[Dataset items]
════════════════════

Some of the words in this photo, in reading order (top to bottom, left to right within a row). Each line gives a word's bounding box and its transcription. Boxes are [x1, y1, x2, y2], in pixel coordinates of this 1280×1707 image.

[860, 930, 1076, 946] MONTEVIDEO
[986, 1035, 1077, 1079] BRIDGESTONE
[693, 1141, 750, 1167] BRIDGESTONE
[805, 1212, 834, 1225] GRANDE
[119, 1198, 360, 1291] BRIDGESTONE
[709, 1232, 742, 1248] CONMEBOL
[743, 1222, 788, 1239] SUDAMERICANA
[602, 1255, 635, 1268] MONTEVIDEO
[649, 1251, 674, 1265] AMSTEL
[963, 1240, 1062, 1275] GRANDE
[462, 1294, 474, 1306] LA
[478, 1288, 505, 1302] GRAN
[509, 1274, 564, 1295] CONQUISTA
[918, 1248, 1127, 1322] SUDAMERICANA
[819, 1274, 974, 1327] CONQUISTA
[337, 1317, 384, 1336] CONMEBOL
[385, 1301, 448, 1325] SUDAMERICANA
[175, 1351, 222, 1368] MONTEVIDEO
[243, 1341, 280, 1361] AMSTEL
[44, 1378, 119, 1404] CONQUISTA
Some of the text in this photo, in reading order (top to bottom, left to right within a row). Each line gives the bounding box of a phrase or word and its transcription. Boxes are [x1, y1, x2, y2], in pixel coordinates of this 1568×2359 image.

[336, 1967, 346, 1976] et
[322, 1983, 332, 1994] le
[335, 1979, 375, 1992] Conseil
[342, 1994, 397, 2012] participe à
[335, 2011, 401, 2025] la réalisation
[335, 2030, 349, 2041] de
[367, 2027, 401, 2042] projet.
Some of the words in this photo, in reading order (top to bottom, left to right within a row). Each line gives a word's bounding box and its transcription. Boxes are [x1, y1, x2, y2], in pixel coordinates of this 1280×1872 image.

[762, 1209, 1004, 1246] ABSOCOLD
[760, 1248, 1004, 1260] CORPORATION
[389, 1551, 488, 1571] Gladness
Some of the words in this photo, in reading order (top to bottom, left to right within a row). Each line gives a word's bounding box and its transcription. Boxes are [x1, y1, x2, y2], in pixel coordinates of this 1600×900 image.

════════════════════

Go through the records above and retype each one exactly.

- Completed exercise -
Some of the words in this photo, in reading order (top to bottom, left to right within a row). Each line gives a word's bounding box and its transcription. Boxes are [x1, y1, x2, y2], in pixel coordinates of this 1280×1707 image.

[860, 930, 1076, 946] MONTEVIDEO
[986, 1035, 1077, 1079] BRIDGESTONE
[693, 1141, 750, 1167] BRIDGESTONE
[805, 1212, 834, 1225] GRANDE
[119, 1198, 360, 1291] BRIDGESTONE
[709, 1232, 742, 1248] CONMEBOL
[743, 1222, 788, 1239] SUDAMERICANA
[602, 1255, 635, 1268] MONTEVIDEO
[649, 1251, 674, 1265] AMSTEL
[963, 1240, 1062, 1275] GRANDE
[462, 1294, 474, 1306] LA
[478, 1288, 505, 1302] GRAN
[509, 1274, 564, 1295] CONQUISTA
[918, 1248, 1127, 1322] SUDAMERICANA
[819, 1274, 974, 1327] CONQUISTA
[337, 1317, 384, 1336] CONMEBOL
[385, 1301, 448, 1325] SUDAMERICANA
[175, 1351, 222, 1368] MONTEVIDEO
[243, 1341, 280, 1361] AMSTEL
[44, 1378, 119, 1404] CONQUISTA
Some of the text in this photo, in reading order (top to bottom, left to right within a row). Each line gives the bounding box of a phrase or word and its transcription. Boxes are [x1, y1, x2, y2], in pixel coordinates of this 1568×2359 image.

[336, 1967, 346, 1976] et
[322, 1983, 332, 1994] le
[335, 1979, 375, 1992] Conseil
[342, 1994, 397, 2012] participe à
[335, 2011, 401, 2025] la réalisation
[335, 2030, 349, 2041] de
[367, 2027, 401, 2042] projet.
Some of the words in this photo, in reading order (top to bottom, left to right within a row). Each line gives a word's bounding box and its transcription. Boxes are [x1, y1, x2, y2], in pixel coordinates of this 1280×1872 image.

[762, 1209, 1004, 1246] ABSOCOLD
[760, 1248, 1004, 1260] CORPORATION
[389, 1551, 488, 1571] Gladness
Some of the words in this photo, in reading order (top to bottom, left to right within a row). Each line gives a word's bounding box and its transcription. Boxes are [x1, y1, x2, y2], in pixel coordinates of this 1600×900 image.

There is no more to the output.